Mexico’s refusal to mitigate the economic impact of the Covid-19 pandemic by boosting public spending is set to leave it with the lowest budget deficit among Latin America’s major economies this year — but that also means its recovery is lagging behind.
President López Obrador, an unlikely fiscal conservative, is fiercely opposed to taking on additional debt. His stimulus plan is equivalent to just 1.1% of GDP, less than a quarter of the average in Latin America according to the UN’s Economic Commission for Latin America and the Caribbean.
Mexico has spent an eighth of what the region’s biggest economy, Brazil, has spent on pandemic help as a proportion of GDP, according to the commission’s data. And most was in the form of loans to small businesses, not grants.
López Obrador has continued to pay the social benefits that are a hallmark of his government, boosting his popularity even though Mexico has notched up the world’s fourth-highest Covid-19 death toll. He has also plowed ahead with a handful of pet infrastructure projects and with aid for the struggling state oil company Pemex. But he has resisted spending more in other areas.

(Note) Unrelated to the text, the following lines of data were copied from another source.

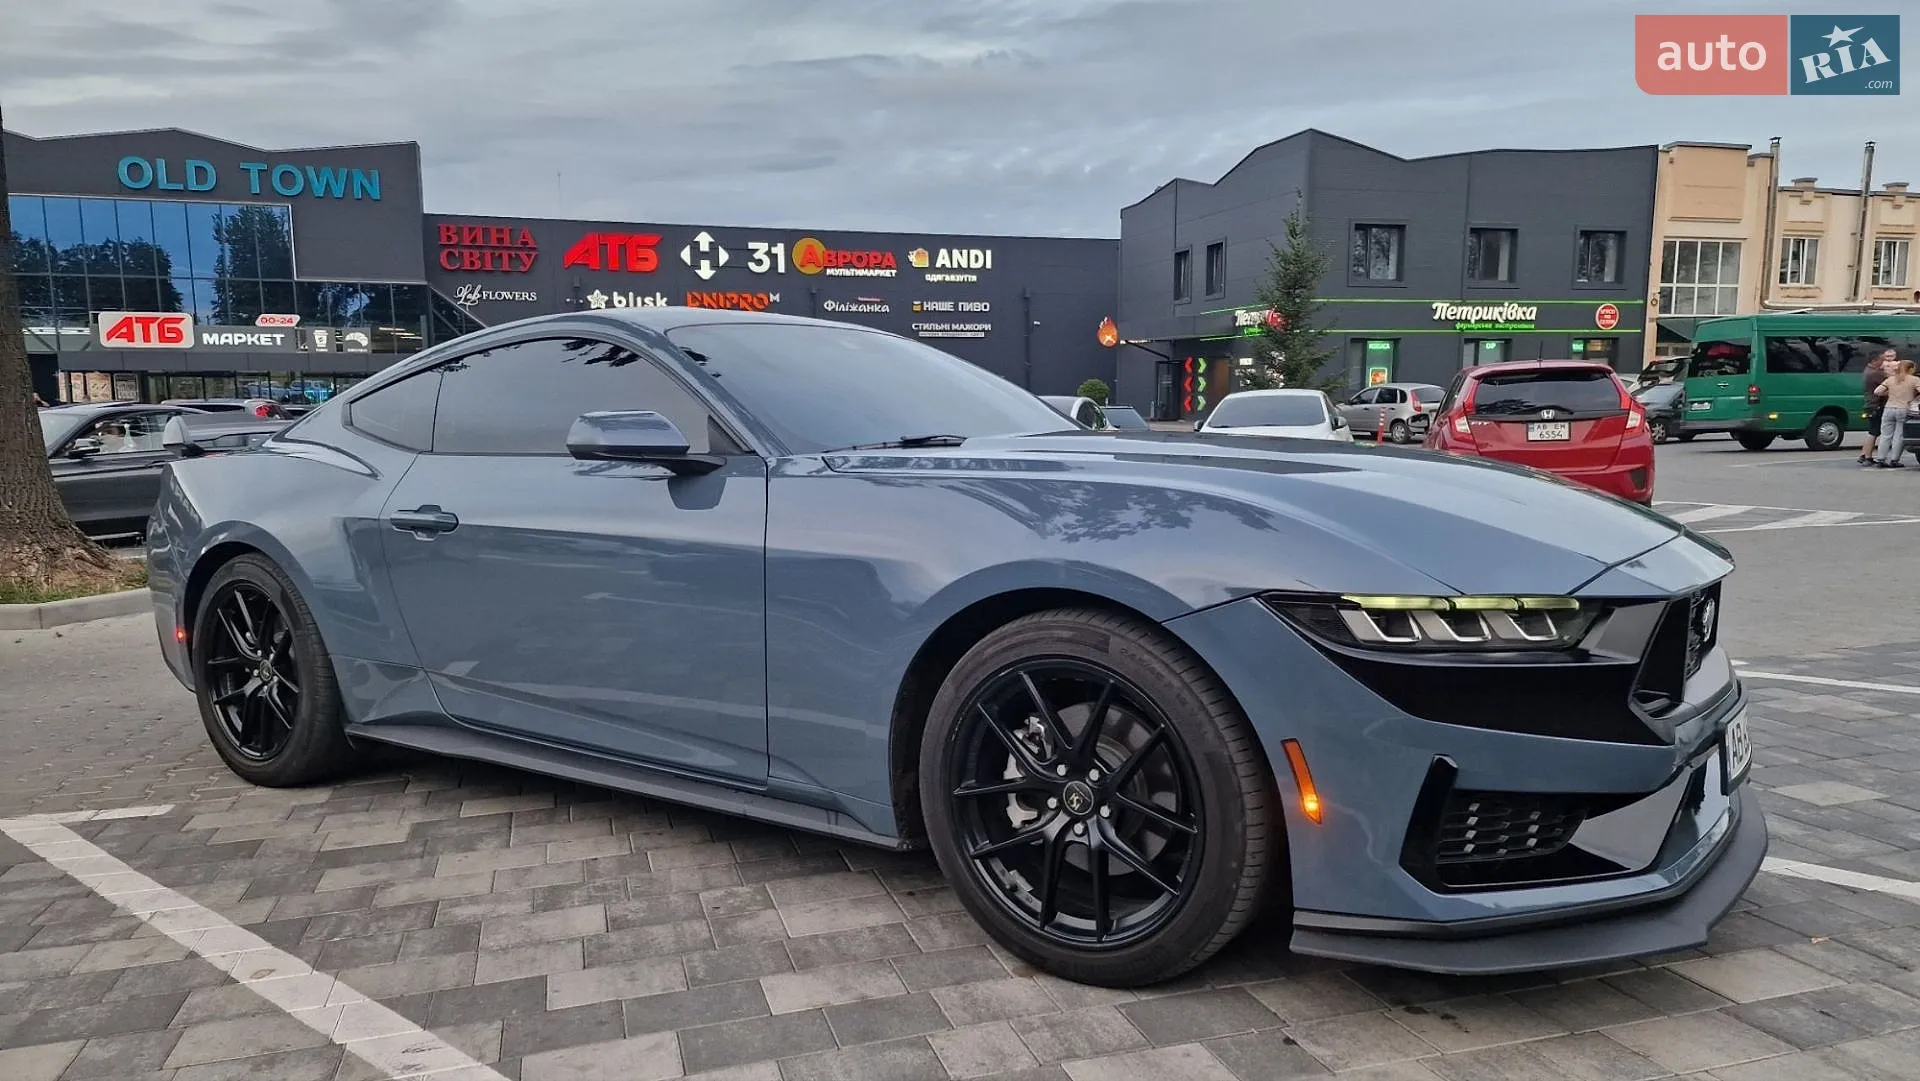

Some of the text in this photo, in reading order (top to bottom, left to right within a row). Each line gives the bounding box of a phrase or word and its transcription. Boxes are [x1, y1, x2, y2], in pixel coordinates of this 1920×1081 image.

[117, 155, 381, 200] OLD TOWN
[437, 224, 537, 248] ВИНА
[439, 248, 538, 272] СВІТУ
[747, 242, 786, 273] 31
[935, 248, 992, 269] ANDI
[825, 267, 897, 277] МУЛЬТИМАРКЕТ
[482, 290, 537, 301] FLOWERS
[612, 291, 668, 307] blisk
[824, 299, 890, 313] Філіжанка
[923, 301, 990, 312] НАШЕ ПИВО
[1431, 301, 1537, 324] Петриківка
[260, 317, 293, 325] 00-24
[951, 323, 992, 331] МАЖОРИ
[202, 332, 285, 346] МАРКЕТ
[1539, 431, 1563, 439] 6554

The president justifies his penny-pinching stance as a mixture of principle and necessity. He believes that his government should avoid increasing public debt which, he fears, future generations would have to finance. He abhors state-funded bailouts, which he argues have in the past turned private debts into a public responsibility.
Since taking office in 2018 he has pursued austerity policies in a bid to free up cash for his priority social and infrastructure projects. He says his crusade against profligacy and corruption has so far saved 1.5 trillion pesos (US $75 billion).

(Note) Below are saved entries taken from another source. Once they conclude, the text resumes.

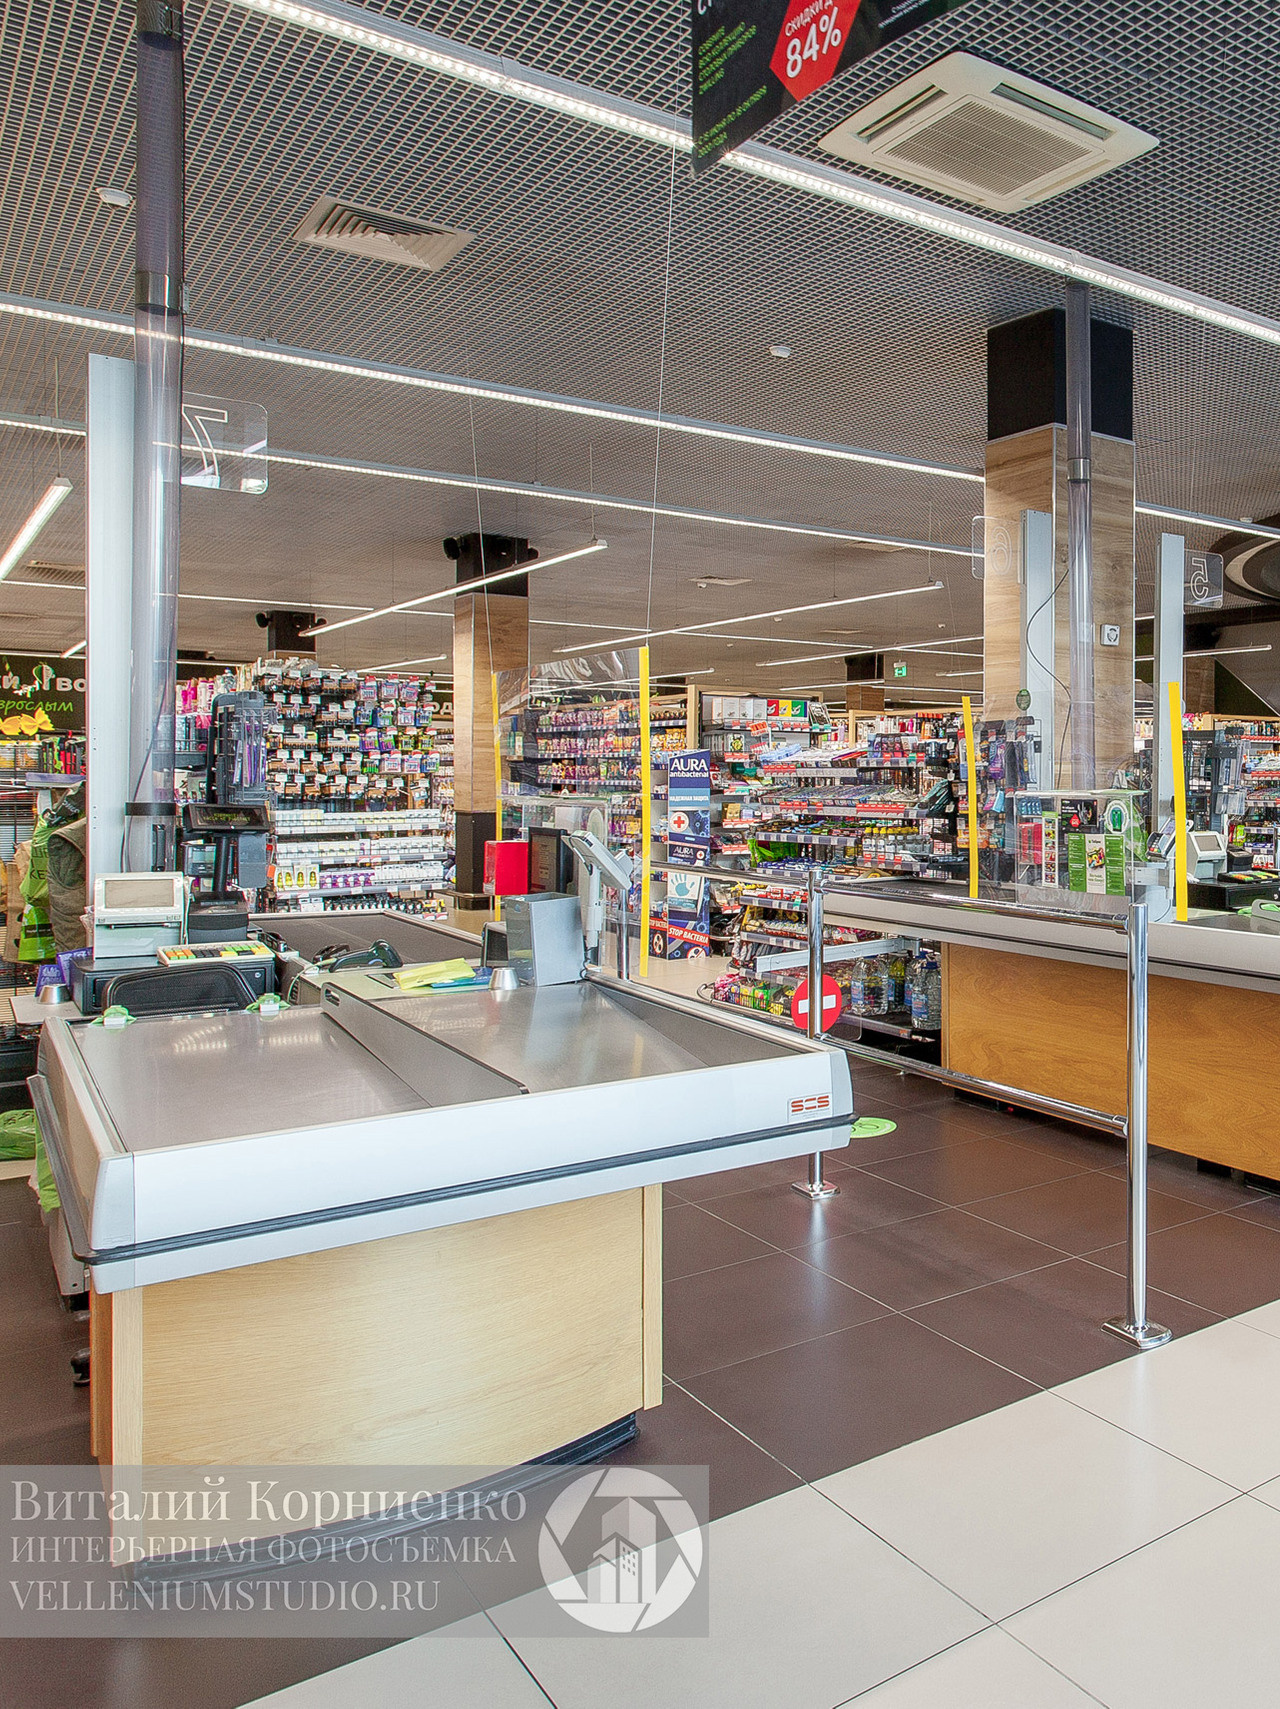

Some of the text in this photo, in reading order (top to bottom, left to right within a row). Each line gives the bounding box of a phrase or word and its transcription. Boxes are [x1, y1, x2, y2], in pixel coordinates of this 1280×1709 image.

[786, 6, 842, 78] 84%
[671, 758, 708, 771] AURA
[674, 846, 694, 855] AURA
[669, 927, 709, 944] STOP BACTERIA
[791, 1095, 829, 1112] SCS

His stance leaves Mexico with a healthier budget balance than other economies in the region, Joan Domene at Oxford Economics noted: “By not spending much on pandemic relief measures, Mexico will be very close to running primary surpluses in 2020 and 2021.”
That will hold down its debt levels. Mexico’s general government gross debt-to-GDP ratio is forecast to remain steady year on year at 65.5% in 2021, according to the IMF. By comparison, in Brazil the ratio is forecast to rise more than 1 percentage point to 102.8%.
But López Obrador’s fiscal restraint is ill-timed, economists argue. The IMF and World Bank have for months been urging nations to borrow to tackle the economic crisis caused by the pandemic, despite the long-term problem of higher public debt that this will leave them with.
“We think they could have done more — Mexico has access to credit and the cost of financing for Mexico in dollars is at historically low levels,” Alejandro Werner, the IMF’s western hemisphere director, said recently. That left Mexico with “an enormous growth challenge in the medium term,” he added.
Brazil’s increased spending is set to help its economy through the crisis better than Mexico’s — Brazil will regain its pre-pandemic GDP level by 2023, according to IMF forecasts, but Mexico could take until 2026.
Mexico’s economy was contracting even before Covid-19 struck and IMF estimates suggest that it suffered the third-biggest contraction among Latin America’s major economies in 2020. The economy has shrunk year on year for six straight quarters, according to the state statistics institute.
Mexicans themselves are gloomy. In a new poll, 59% felt the economy was faring badly or very badly. Just 14% said it was doing well.
Christopher Garman, managing director for the Americas at consultancy Eurasia Group, said in a recent research note that policies hostile to private investors — Mexico has canceled a partially-built airport and brewery and abruptly changed energy sector rules, for example — are also likely to hold back growth.
Mexico’s economy will get an indirect boost if Joe Biden launches further stimulus measures in the U.S., its biggest trading partner. Furthermore, its restraint on debt has reduced the risk of a credit-rating agency downgrading it to junk — a threat that had once appeared inevitable this year — analysts say.
“A year ago, Mexico was looking worse than every other country in the region,” said Domene. “Now it’s not that bad.”
Andrés Abadía at Pantheon Macroeconomics called a downgrade avoidable, though. He added: “The situation could worsen faster than elsewhere.”
Even if Mexico hits the government’s target of 4.6% GDP growth in 2021 — well above the IMF’s expectation of 3.5% — state revenues are under increasing strain and, with midterm elections due in June, López Obrador will be unwilling to increase taxes.
Mexico received a public finance boost in 2020 because the tax authority squeezed longstanding debts from large companies, but that feat will be hard to sustain, according to analysts. Pemex remains a drain on state finances and Mexico has burned through most of its budget stabilization fund known as FEIP, a rainy-day savings pot.
“We think the FEIP will have run out in December [2020],” said Mariana Campos at México Evalúa, a think tank.
Meanwhile, a bonanza that the government had a few months ago been set to enjoy from the Bank of México’s surplus on its dollar reserves has not materialized. Analysts had believed it could total as much as $25 billion, but the recent recovery in the peso may erode it.
“The way things are going, it’s probable there won’t be any windfall for the government,” said one former senior public official.
That leaves López Obrador facing dwindling revenues, so he is unlikely to change his stance on Mexico’s fiscal policy.
As Domene put it: “You only need money if you plan to spend.”